Why a hyena is interested in a vegetable-based dish I have no idea. I’ve given up trying to understand what goes on in that animal’s brain.
Check! Soooo many snowpeas! Now, I know that the recipe doesn’t stipulate one way or the other, but the humans are firm believers in stringing the snowpeas, so we’re going to do that. Otherwise, we’ll end up with long stringy bits in the soup.
I like ripping things up, so I’ve volunteered–and notice I have willing helpers! It’s not hard work, just a bit time-consuming. The strings just zip right off.
We’re batch-and-a-halfing the recipe, since one bag of snowpeas was too little and two is too many.
Sigyn says that if you hold them up to the light they’re like “little stained glass windows.”
I love that girl.
Six cups is a LOT of snowpeas! We need just a few more.
Fisi! Drop it! BAD hyena! Give that last one here, right now!
Sleipnir’s fetlocks! There are hyena teethmarks on it. No one wants to eat that! Fisi, you are banished to the compost bowl!
Buuuuut since the snowpeas are going to be cooked, I suppose we can get away with it. We just won’t tell anyone.
The snow peas get cooked in some water.
and a little bit of chicken broth.
It doesn’t look like much yet, but I have hopes.
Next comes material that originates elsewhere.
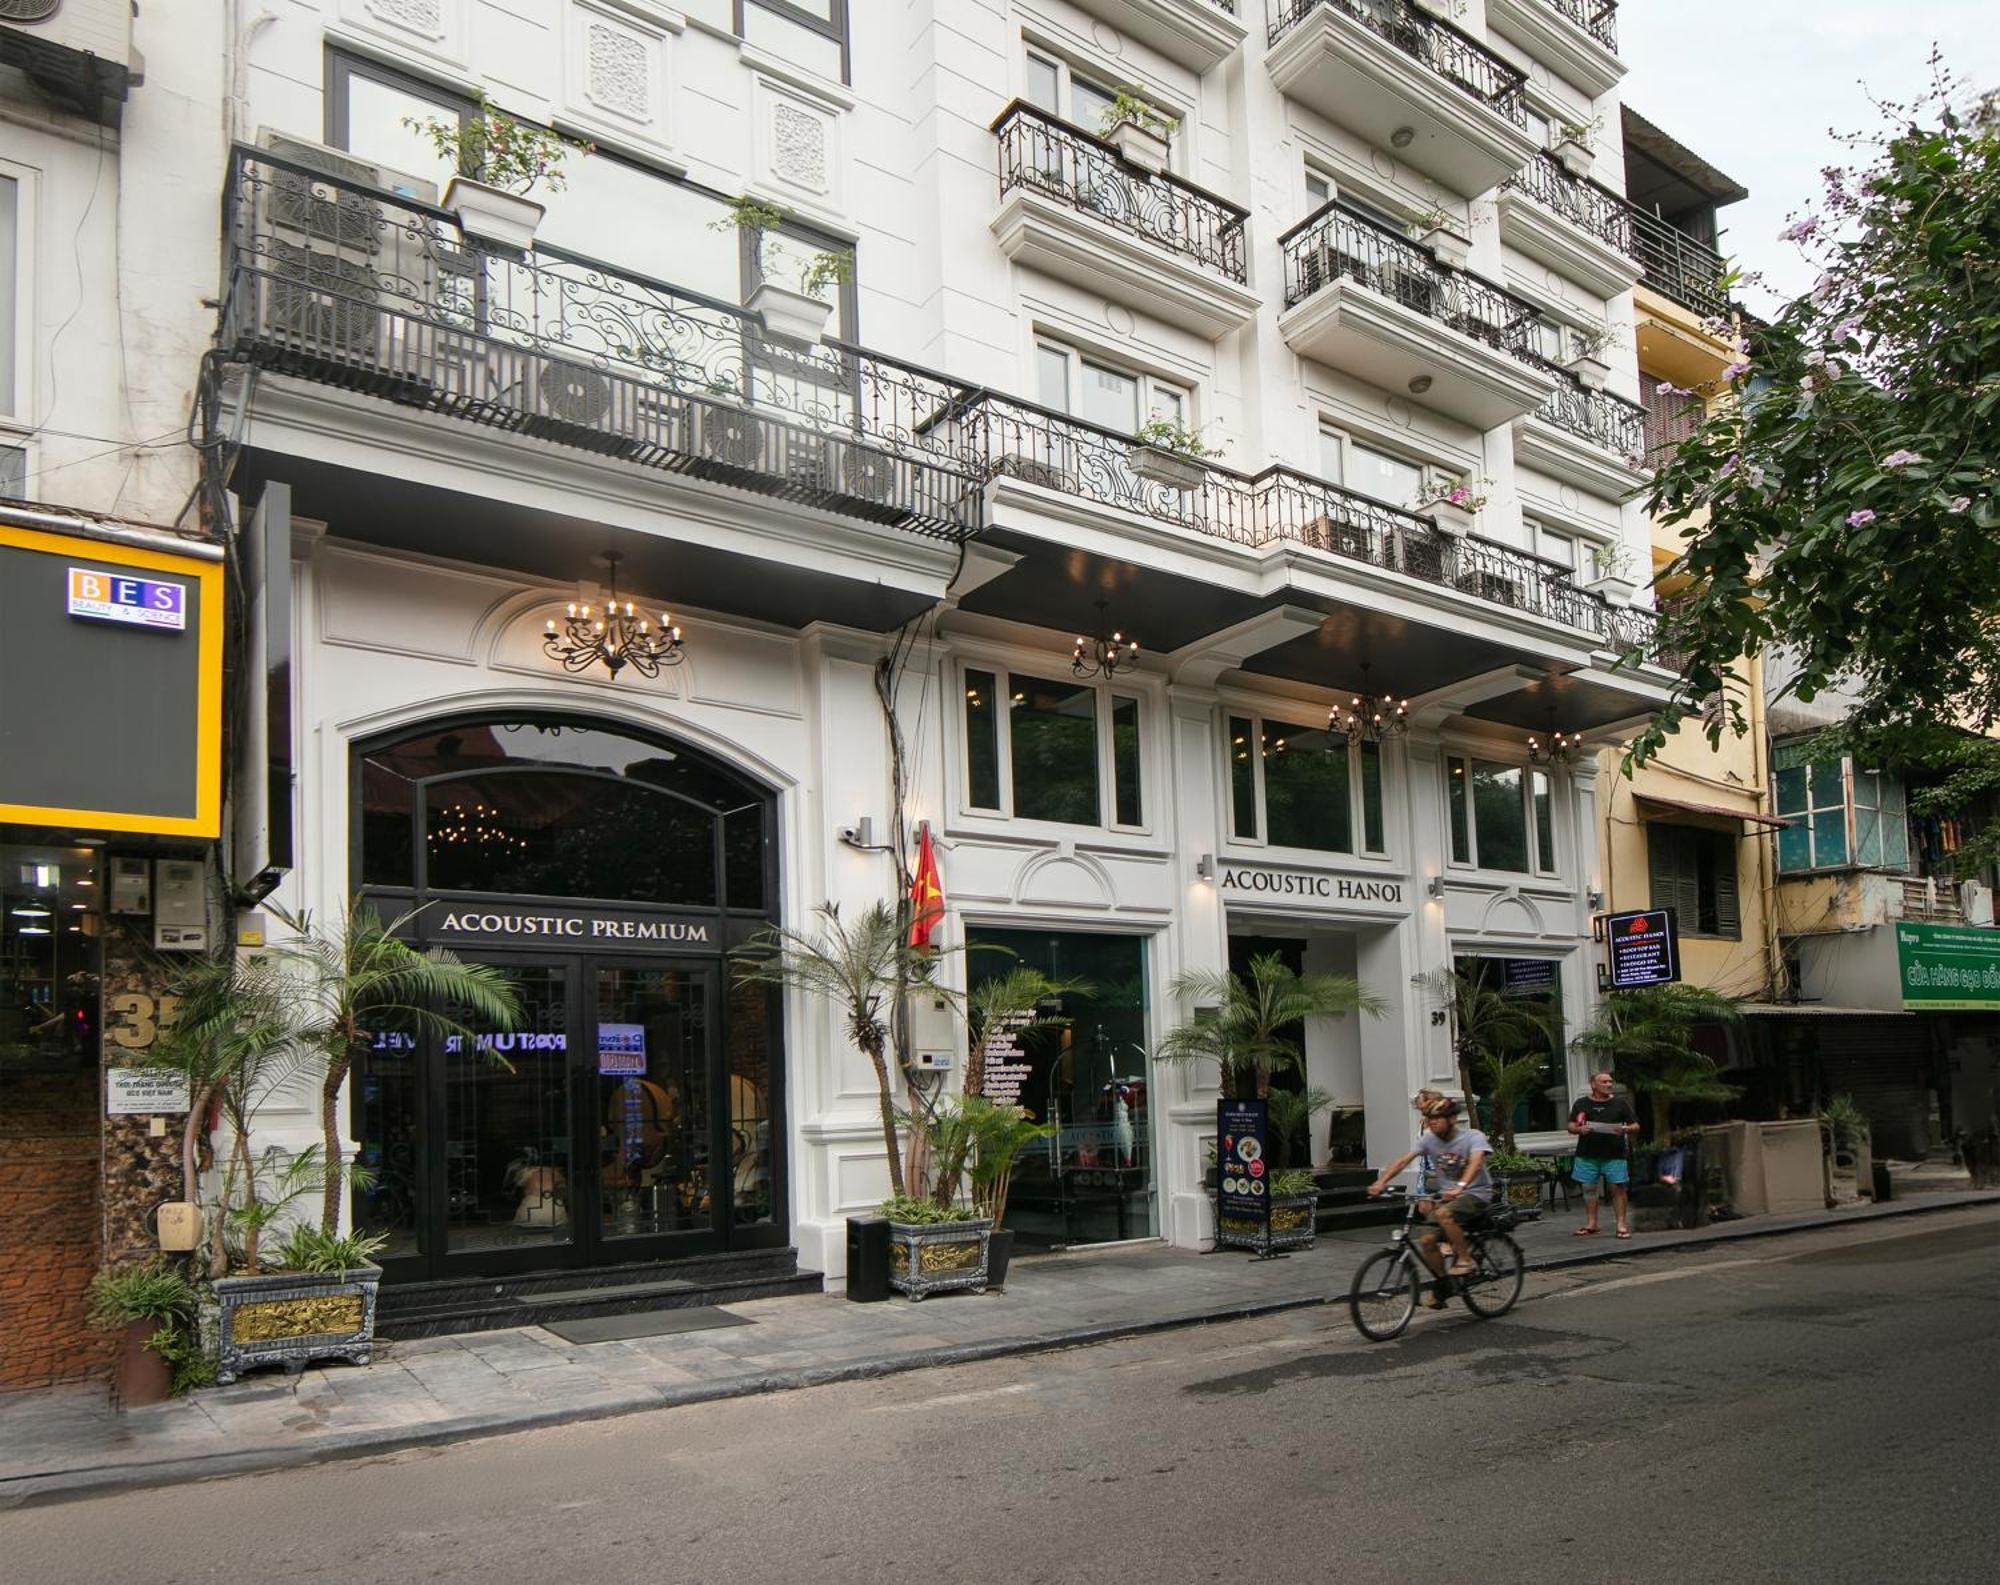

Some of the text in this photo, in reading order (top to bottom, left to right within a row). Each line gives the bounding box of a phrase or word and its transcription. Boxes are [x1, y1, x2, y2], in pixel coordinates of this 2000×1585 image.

[82, 575, 174, 610] BES
[1221, 869, 1403, 903] ACOUSTIC HANOI
[440, 913, 709, 942] ACOUSTIC PREMIUM
[1431, 1011, 1446, 1026] 39
Now we add some frozen peas.
Small, green, and icy. I can relate.
Here’s where the cream goes in.
Sigyn, are you hugging that carton? We only need three tablespoons. How about if we use what’s left to make some ice cream later? Will you let go now?
When the peas are done,
everything goes into the blender, a little at a time.
Dibs on pushing the buttons! I’m very good at destruction.
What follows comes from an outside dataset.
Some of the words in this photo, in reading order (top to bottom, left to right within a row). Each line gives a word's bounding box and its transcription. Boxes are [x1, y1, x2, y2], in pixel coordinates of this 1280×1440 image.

Great Frigga’s Hairpins! It’s going to be close! The volume of the blender carafe matches almost exactly the volume we’ve got of stuff that needs blending. Ehehehe! The human female is so stupid! She’s holding the top of the blender on with a towel, and there’s still soup dribbling out from under the lid. It never occurred to her to do this step in batches. I don’t know who’s going to clean this all up. I just know it won’t be ME.
The recipe says we’re supposed to put the resulting…slop is really the only word for it–through a fine sieve.
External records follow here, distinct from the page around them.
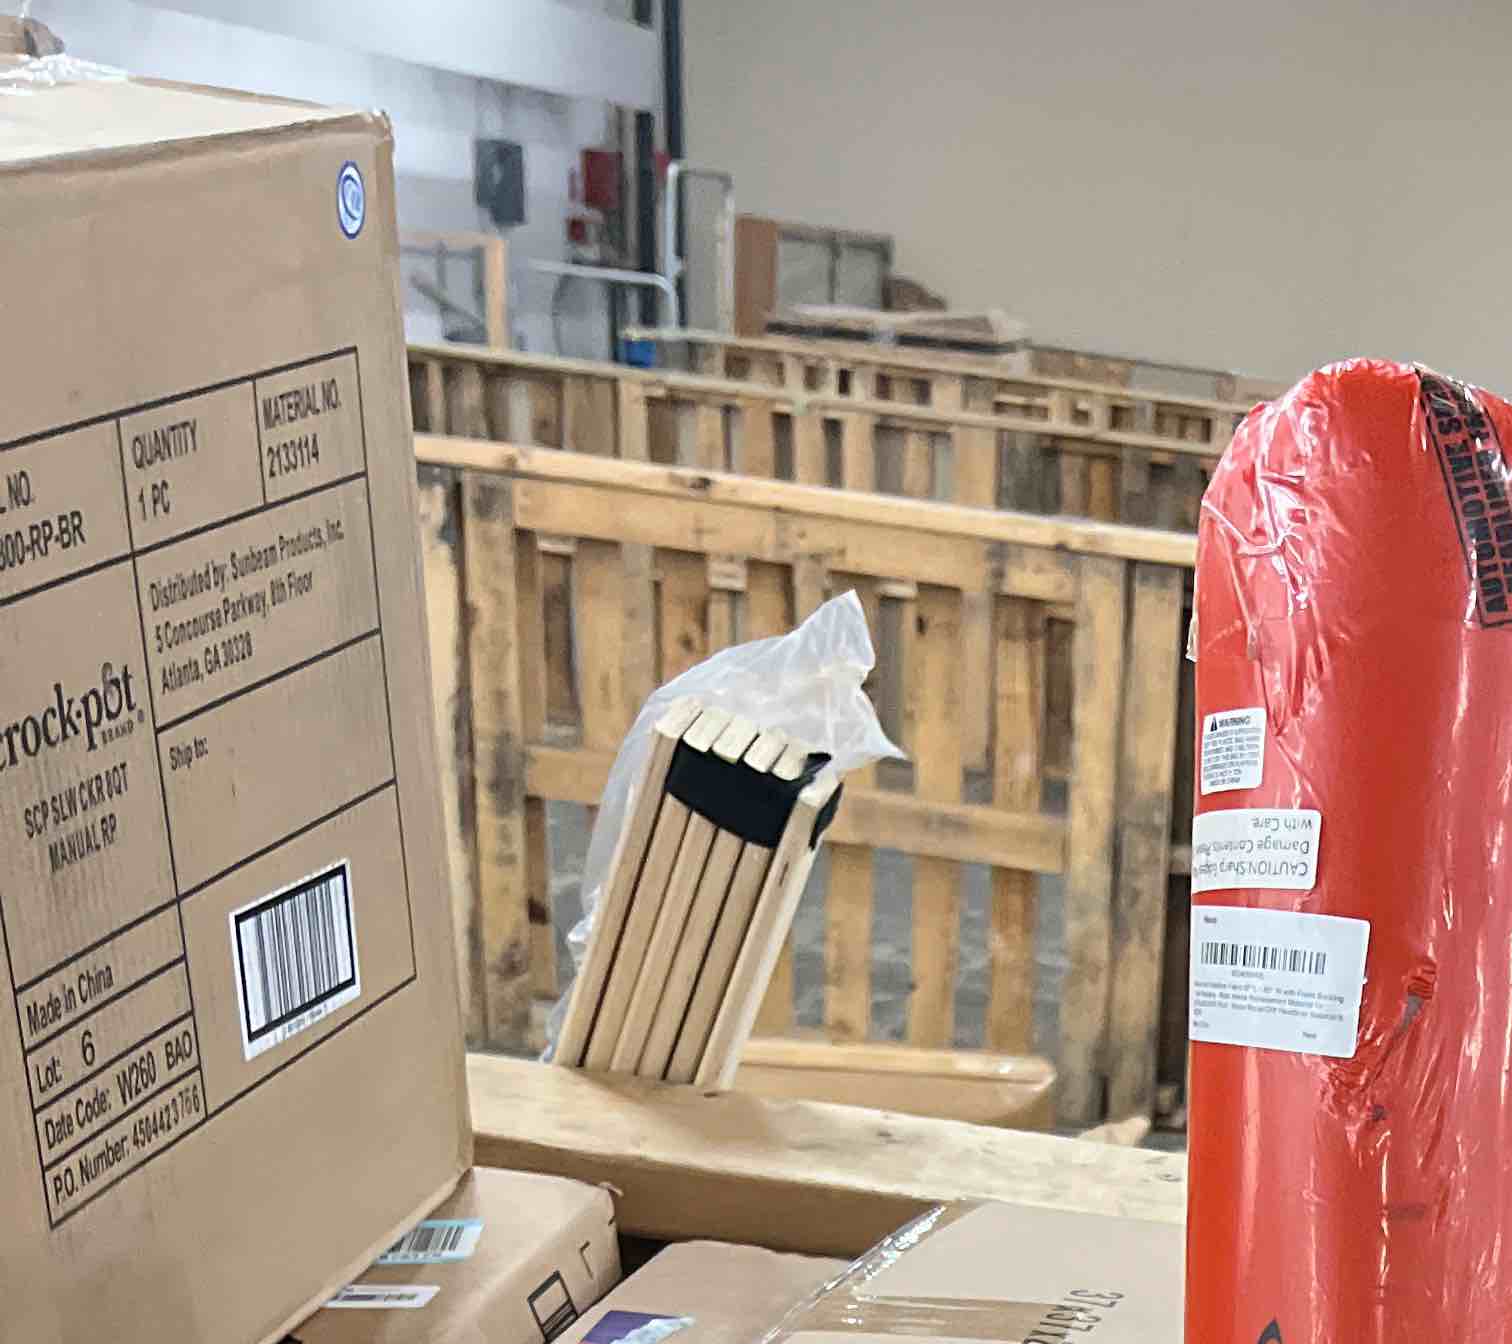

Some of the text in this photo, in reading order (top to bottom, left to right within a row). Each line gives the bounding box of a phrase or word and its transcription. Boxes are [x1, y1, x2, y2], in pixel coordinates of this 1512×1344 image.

[262, 378, 342, 430] MATERIAL NO.
[132, 418, 198, 470] QUANTITY
[138, 479, 171, 521] 1 PC
[150, 562, 212, 612] Distributed
[230, 541, 277, 582] Sunbeam
[164, 605, 222, 648] Concourse
[161, 655, 205, 694] Atlanta,
[204, 643, 222, 675] GA
[169, 744, 193, 771] Ship
[24, 800, 50, 839] SCP
[50, 784, 79, 826] SLW
[78, 771, 106, 812] CKR
[48, 813, 118, 873] MANUAL RP
[27, 964, 114, 1036] Made in China
[36, 1029, 96, 1094] Lot: 6
[44, 1109, 74, 1151] Date
[75, 1087, 112, 1130] Code:
[116, 1051, 156, 1107] W260
[79, 1135, 131, 1187] Number:
This step looks like it is going to take half an hour, at least, and leave a good quantity of pea pulp in the strainer Maybe we didn’t blend it enough? Despite my words of advice to the contrary, the human female has elected to skip this step. Now, the soup just has to chill until dinnertime.
(later) Behold, the finished collation!
We are going to enjoy it with some sesame seed bread from a bakery in the Big City to the South. It’s been in the freezer since forever, and the human female thinks it will be a good go-with.
Sip. Hmm. It certainly tastes of pea. Just plain old green pea, and not much else. The snowpeas are utterly lost, and so is the cream. We could have spared the expense of both. Bleargh! What’s this? Oh. A little stringy bit that didn’t get blended or sieved. Yuck! There’s another. See? That’s what you get for being lazy.
(A bit later) The addition of some salt and pepper and some bacon crumbles have improved this disappointing dish immensely. It’s cold, it’s green, it’s filling, and the bread is good.
I shall be surprised, however, if it graces the table again.